Diese Geschichte hat die Besonderheit, Idris zwei Aufstiege und zwei Leben auf der Erde zuzuordnen. Dies knüpft an den Charakter Henochs in der apokalyptischen (wie in den Drei Büchern von Henoch) und kabbalistischen Literatur an. In der jüdischen Tradition (Buch der Jubiläen) ist Henoch der erste Mensch, der Schrift und Wissenschaft erlernt. Die muslimische Tradition wird Idris diese Eigenschaften zuschreiben. Laut Tha'labî bedeutet sein Name, der von da-ra-sa abgeleitet ist, „studieren“. Diese Eigenschaften bedeuten, dass muslimische Traditionen ihn mit dem ersten der drei Hermes vor der Sintflut und dem Ursprung der Konstruktionen der Pyramiden identifizieren.
Einige Autoren haben Idris und Elie in Verbindung gebracht. Dies ist zum Beispiel Bukhari, der sich auf die Meinungen von Ibn Abbas und Ibn Arabi verlässt.
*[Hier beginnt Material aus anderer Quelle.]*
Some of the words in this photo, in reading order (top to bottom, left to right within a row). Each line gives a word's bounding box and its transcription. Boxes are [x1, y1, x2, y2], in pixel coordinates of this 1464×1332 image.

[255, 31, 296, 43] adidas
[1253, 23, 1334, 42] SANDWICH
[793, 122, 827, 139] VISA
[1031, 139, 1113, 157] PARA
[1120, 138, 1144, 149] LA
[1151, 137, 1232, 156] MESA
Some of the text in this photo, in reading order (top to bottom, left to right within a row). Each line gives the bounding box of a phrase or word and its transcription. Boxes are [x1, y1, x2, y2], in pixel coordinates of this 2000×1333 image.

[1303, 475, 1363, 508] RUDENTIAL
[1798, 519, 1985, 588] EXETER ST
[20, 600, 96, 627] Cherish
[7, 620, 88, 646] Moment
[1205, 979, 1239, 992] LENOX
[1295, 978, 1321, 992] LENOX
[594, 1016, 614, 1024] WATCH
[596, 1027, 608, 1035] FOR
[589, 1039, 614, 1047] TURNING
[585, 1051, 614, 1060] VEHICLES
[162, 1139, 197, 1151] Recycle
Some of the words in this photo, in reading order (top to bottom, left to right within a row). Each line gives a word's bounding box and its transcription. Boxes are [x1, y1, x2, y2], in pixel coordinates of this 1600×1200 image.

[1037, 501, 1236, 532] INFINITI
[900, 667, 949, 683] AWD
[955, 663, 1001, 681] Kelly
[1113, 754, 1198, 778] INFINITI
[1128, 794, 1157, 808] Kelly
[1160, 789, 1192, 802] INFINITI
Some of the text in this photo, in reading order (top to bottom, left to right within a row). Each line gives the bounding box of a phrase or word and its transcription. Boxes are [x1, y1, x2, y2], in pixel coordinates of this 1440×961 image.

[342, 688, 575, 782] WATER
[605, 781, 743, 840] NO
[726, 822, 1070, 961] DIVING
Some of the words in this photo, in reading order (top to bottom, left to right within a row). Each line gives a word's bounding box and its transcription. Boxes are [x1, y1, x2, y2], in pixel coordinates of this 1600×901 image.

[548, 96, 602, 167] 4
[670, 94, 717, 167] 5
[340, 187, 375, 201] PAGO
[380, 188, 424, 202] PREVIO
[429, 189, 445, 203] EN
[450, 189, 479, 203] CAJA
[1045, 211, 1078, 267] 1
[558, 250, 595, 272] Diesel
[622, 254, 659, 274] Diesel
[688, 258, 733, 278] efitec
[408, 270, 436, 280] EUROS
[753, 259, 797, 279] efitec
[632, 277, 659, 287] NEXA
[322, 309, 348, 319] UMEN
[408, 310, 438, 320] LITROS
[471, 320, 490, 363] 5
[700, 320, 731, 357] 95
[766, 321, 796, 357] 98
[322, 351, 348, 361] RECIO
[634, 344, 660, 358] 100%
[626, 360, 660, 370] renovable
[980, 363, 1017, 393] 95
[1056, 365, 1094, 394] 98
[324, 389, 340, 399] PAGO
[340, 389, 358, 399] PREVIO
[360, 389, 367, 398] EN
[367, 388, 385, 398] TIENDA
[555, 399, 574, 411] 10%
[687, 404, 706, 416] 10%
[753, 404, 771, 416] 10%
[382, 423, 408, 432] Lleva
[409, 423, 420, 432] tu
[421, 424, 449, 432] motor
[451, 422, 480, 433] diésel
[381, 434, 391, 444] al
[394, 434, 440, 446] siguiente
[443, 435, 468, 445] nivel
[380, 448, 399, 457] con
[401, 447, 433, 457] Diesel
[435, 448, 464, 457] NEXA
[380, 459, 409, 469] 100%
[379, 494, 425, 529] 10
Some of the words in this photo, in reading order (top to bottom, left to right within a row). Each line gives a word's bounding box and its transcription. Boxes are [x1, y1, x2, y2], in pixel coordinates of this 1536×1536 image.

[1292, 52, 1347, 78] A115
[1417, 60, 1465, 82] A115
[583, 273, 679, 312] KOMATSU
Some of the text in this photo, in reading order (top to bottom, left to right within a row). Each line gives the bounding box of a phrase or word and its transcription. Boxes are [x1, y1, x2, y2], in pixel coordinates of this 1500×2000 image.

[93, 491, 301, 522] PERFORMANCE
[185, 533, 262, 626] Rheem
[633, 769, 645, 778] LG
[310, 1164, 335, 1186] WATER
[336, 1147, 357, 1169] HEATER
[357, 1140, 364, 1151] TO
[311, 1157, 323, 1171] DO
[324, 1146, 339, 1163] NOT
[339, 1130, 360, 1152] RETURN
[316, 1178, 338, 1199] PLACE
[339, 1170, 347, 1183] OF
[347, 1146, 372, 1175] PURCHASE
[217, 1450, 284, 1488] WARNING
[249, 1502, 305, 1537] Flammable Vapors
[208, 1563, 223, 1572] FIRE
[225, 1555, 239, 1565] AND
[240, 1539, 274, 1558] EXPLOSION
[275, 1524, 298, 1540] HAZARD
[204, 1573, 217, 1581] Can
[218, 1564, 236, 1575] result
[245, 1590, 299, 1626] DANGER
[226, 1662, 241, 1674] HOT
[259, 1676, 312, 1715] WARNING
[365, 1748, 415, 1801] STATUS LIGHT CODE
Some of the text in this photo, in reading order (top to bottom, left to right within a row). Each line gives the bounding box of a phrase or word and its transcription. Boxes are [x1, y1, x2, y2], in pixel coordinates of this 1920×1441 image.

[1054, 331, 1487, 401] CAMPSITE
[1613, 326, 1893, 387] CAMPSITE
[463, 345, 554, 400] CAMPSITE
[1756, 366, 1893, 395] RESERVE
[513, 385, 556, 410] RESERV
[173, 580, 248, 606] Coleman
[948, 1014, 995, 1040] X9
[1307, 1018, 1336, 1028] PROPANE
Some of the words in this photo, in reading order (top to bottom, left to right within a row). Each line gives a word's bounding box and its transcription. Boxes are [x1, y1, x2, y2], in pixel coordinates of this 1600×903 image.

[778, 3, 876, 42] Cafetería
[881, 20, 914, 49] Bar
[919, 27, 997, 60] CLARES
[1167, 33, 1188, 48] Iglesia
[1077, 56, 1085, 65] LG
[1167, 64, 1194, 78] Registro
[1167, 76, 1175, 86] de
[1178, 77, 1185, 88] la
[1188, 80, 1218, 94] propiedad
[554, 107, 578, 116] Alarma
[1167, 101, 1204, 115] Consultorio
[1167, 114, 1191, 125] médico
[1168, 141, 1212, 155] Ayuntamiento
Letzterer hat eine ganze Lehre über die vier noch lebenden Propheten nach muslimischer Lehre entwickelt, die „vier Säulen, die das Universum tragen und dank denen es besteht“. In dieser Lehre finden sich viele Merkmale, die Henoch in der apokalyptischen und kabbalistischen Literatur zugeschrieben werden. Dabei wird Idris eine wichtige Rolle in der muslimischen hermetischen Literatur spielen. Ibn Arabi beschreibt Idris als den „Propheten der Philosophen“ angesichts der Menge an Wissen, die er mitbringen konnte.
Literatur
- Yoram Erder: The Origin of the Name Idrīs in the Qurʾān: A Study of the Influence of Qumran Literature on Early Islam. In: Journal of Near Eastern Studies, Band 49, Nr. 4, Oktober 1990, S. 339–350.